Silver snorts inelegantly, “And you didn’t.” He runs his foot up and down Flint’s calf. “Don’t _you_ ever rest?”

Flint’s voice is quiet. “I never sleep easily.” A small smile. “And on occasion I find that I don’t want to waste any time sleeping.”

“I approve of your priorities.” Silver flashes him a grin. “But I need to give you another fact about my present: I’m starving. And a fact about the past: we ate all of yesterday’s fish and nearly all the bread.”

“Get dressed, then. We’ll walk down to the tavern.”

It doesn’t take Flint long to splash water over his face and neck, slip his shirt over his head, put his drawers and trousers on, and tighten his belt. Silver gets out of bed, leans on his crutch and surveys the damages sustained in the last few hours: a bite mark at the junction of neck and shoulder, a smaller one near his right nipple, beard rash on his chest, stomach, groin and thighs, and bruises where Flint’s fingers pressed into his thighs and backside.

Flint quickly looks him over and actually chuckles, the shit. Silver glances at the single, albeit large, purple bruise on Flint’s neck and darkly plans retribution. He doesn’t think he has ever been happier.

 

An old woman has gone around the tavern lighting candles, which do little more than show the peeling plaster on the walls. A younger woman is moving from one empty table to another, emptying whatever ale is left in the tankards into a large jug: a common saving strategy, employed in most taverns. Flint, leaning back in his chair, seems quite at ease. He’s on nodding terms with the owner and most of the patrons, most of whom seem to be middle-aged and, if drunk, maudlin rather than rowdy.

“They know you, but leave you alone,” Silver comments, between mouthfuls of quite edible stew.

“What else would you expect?” 

Silver thinks it over, spoon poised in mid-air. “Not sure. Conversations about the weather, maybe. Discussions about fertilisers. Card games?” Flint glares, Silver swallows some more stew. Did Hamilton make more of an effort with the neighbours? Or did he and Flint keep themselves to themselves? “What _can_ one do in these unexciting rural surroundings?”

“Unexciting.” Flint does his irritating repetition routine again, looking coolly at Silver. If Silver ever settles down anywhere, he is going to buy a parrot and name it after Flint. Whether or not the original Flint is around.

“Well,” Silver leans forward a bit. “Growing vegetables. Fishing in the pond. Rubbing shoulders with the locals in the tavern, talking with the same people, in the same words I bet.” He empties his tankard. “Peace and quiet, day after day, month after month. I wonder why it hasn’t driven you mad yet.” 

“Nobody’s asking you to put up with it,” Flint snaps. 

“That’s not what I meant,” Silver snaps back, and they look at each other in sudden silence, the thought of the future beyond the next few days rising up between them. 

Flint rubs the back of his neck. “I didn’t come here on my own.

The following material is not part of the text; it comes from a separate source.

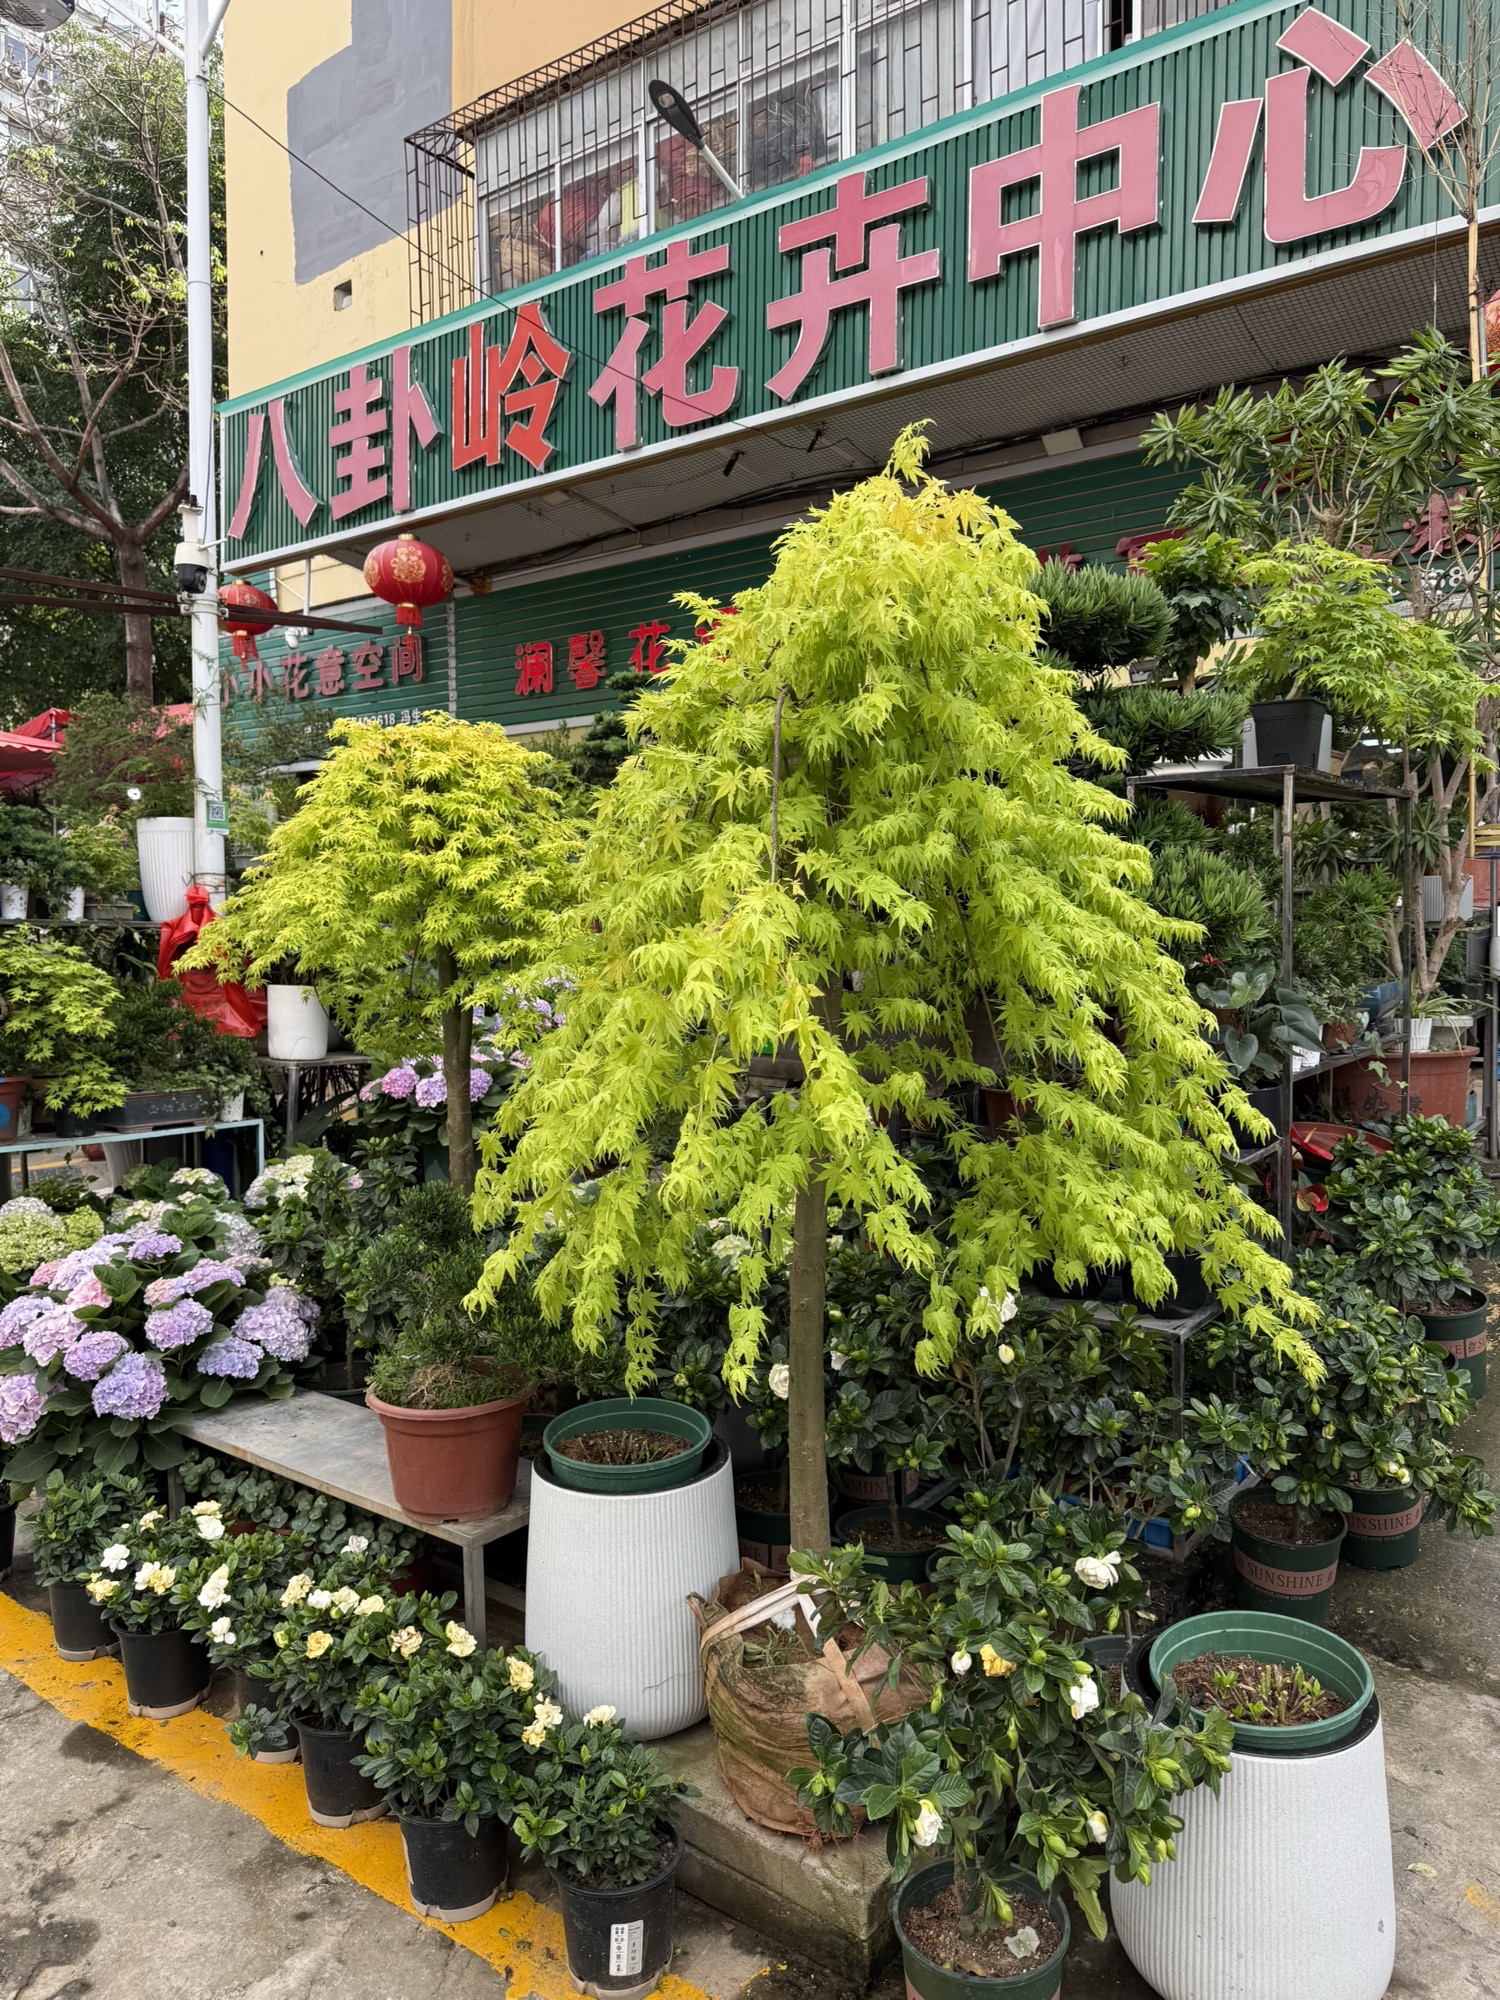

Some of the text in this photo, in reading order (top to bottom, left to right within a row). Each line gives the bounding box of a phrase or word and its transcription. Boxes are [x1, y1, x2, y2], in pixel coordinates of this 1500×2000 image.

We were both exhausted, and we thought that being in a quiet, _unexciting_ village, the opposite of what each of us had had until then, would help us heal. And rebuild.” 

Silver nods, hearing _we_ and _us_ , and everything else that has been left unsaid.

“And then I found myself alone, and I learned to enjoy it. And to enjoy silence. Even though at times silence … You know.” His face twists a bit, and Silver nods again, thinking of the pacing he heard above his head the first night, and of the people who visit _him_ when he’s asleep and sometimes when he’s awake. 

“I’ve seen too much. Done too much. Lost too much.” Flint rubs the fingers of one hand against the back of the other. “I’ve had it with battles. Allies and enemies.” _Trust_ and _betrayals_ are not mentioned aloud, but they’re right there as well. “Doing nothing but daily tasks is predictable and soothing. Planning nothing but what vegetables to plant and which books to order from travelling merchants has considerable appeal.” He gives Silver a long, level look. “To me at least.”

_For pride to be an issue between you and I, I think we’re plain past that._ Silver reaches over, takes Flint’s tankard and drinks what’s left in it. “I’m tired too. You and I have descended into the depths together. We have each lost people we loved. We …” this is a different _we_ , old and new together, to be spoken with great caution, “we have been apart. We need some quiet. But not forever. Not for the rest of our lives. It’s not enough.”

Flint stares at him wordlessly. Silver swallows and continues, his words flowing easily although unplanned and unrehearsed. 

“However.” He means it. May the god of smooth talking forgive him, but he means it. “If this life is what you really want, and if you want me to stay, I will stay.” He shrugs. “What the hell. I’ll learn to garden. And fish. Maybe even bake.”

Flint looks down, then measures him, eyebrows half furrowed, light and shadows chasing each other in his eyes. Silver waits.

“Even bake?” The dimple in Flint’s left cheek flashes briefly; he huffs out a breath and stands up. “Come on. Let’s go home.”

He leaves a few coins on the table, gets up and walks out, leaving Silver to deal with his chair, his crutch, and the whirlwind of disbelief, delight, and sheer fucking terror created by Flint’s last word. 

 

Evening is turning into night. The darkness around them is broken by points of light behind the open doors and uncurtained windows of the village. There are points of light above as well, and a half moon. Every now and then, as they climb up Morgan Hill towards Flint’s cabin, they can hear the lazy chirping of crickets.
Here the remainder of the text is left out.